The BM could conversely become addictive and my Lumix stable sidelined.

If this is the case, then great, the BM was a good move, but the Lumix cams will still be of use for all the things they do the BM cannot and of course also as stills cameras. With one or more Video Assists, they all get a lift to basically the same quality, so even as faux BM’s or not they will all be useful.

The BM4k is old for a modern video camera.

It seems lately that the shelf life of most hybrid cams is 2-3 years. They have a lot of change to go through as the landscape of sort-of hybrids turns into genuine ones. The P4k is mostly immune to this need for evolution. It is also one of the most explored cams on the market.

What actually is there to upgrade?

Unlike most video cameras in this price point, it does not have stabilising (other than lens or Gyro in post) or any form of AF expectation to improve upon each generation, nor does it need more codecs. Maybe a flip screen, or better in-camera battery life, which would never be enough anyway, a body update, the sensor maybe, but to what end?

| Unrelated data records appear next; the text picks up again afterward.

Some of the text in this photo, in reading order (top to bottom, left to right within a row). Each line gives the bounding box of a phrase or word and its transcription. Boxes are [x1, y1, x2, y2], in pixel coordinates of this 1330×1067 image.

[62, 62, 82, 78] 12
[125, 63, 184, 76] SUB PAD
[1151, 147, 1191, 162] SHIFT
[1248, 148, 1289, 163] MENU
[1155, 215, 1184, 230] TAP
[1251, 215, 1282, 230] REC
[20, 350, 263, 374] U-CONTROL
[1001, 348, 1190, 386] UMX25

It was released as a revelation, well ahead of the pack and not stupidly expensive. It has stayed relevant, but also has dropped in price to the point where there is still no other RAW capable camera in it’s price class.

BM has supported it all it’s life because they know it is suited to it’s intended purpose and as they do with all their products, they give, support and share, often for free.

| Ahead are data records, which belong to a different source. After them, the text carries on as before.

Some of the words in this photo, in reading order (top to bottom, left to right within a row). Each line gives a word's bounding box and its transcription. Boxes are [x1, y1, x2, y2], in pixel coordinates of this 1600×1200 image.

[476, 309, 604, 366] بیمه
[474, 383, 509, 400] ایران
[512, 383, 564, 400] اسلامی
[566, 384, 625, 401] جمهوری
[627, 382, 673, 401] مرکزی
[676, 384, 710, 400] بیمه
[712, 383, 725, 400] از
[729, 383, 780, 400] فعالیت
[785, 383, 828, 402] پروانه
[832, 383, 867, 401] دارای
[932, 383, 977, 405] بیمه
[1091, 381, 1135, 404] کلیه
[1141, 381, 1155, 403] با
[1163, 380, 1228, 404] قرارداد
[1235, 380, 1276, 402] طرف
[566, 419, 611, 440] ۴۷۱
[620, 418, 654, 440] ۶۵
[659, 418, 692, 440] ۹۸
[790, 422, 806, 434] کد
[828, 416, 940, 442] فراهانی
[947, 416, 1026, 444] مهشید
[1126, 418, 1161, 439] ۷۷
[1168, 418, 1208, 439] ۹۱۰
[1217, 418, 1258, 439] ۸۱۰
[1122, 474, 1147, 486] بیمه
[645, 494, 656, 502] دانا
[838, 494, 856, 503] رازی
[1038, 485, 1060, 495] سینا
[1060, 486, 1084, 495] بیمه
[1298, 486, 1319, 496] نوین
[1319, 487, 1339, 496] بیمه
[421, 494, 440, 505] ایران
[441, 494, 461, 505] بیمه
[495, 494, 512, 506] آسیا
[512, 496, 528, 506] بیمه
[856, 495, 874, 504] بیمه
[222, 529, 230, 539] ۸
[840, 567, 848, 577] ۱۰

You are buying into a very real and very relevant Black Magic work flow, with the camera and free software as the key.

With one or two BMVA’s, I can choose from 3 options as BRaw B-cams. This means the matched 7Art Hope lenses can be used together or the Hope and a Spectrum and so on. I need to buy a code, do a firmware upgrade etc, but basically, ready to go.

Pretty happy with this test image from some G9.I test footage from a Hope lens.

This is sitting well and in my shopping cart.

The kicker is, I just want to explore something new, scratch an itch I have been wanting to scratch for a while. A true cinematographers tool, even if a base model and limited, it is still the real thing.

I have been looking at a lot of P4k vs “X” videos, some pitting it against cameras three times it’s price and half it’s age (FX3), some closer to it (GH5s, BGH-1) and it is apparent to me that even now, a veritable age after it’s release, it is still what it was designed to be, a real player in the entry level cine camera space.

Highlight roll-off and colour science is the key I feel. It does this so much better than the equivalent Panasonics, which can look “snappier” but not as smooth or rich.

The Video Assist answers the big issue, which is what camera would be a decent backup for the BM if required. The G9II, S5II and S5 all can.

Buy a pair of Video Assist’s, which of course give me two BRaw/Lumix cams for under the price of the P4k (or three for little more than the P4k), but not fully and not as cleanly, as well as still needing another MFT body. There are a few things kept as proprietary for the BM cams that the BMVA cannot support in other brands, but it is close enough probably.

The only real contender is the GH5s, a camera more practical in some ways, but lacking the magic codec and any form of stabe, but with reliable AF and plenty of cross-compatibility. If I wanted to skip BM and just get a capable M43 camera, this would be it.

Power is always a concern, but that also goes for anything as 1.5hrs is outside of any normal internal camera batts safe range. Only external batteries or DC power will help. I can use NP’s in a rig or even a V-Mount.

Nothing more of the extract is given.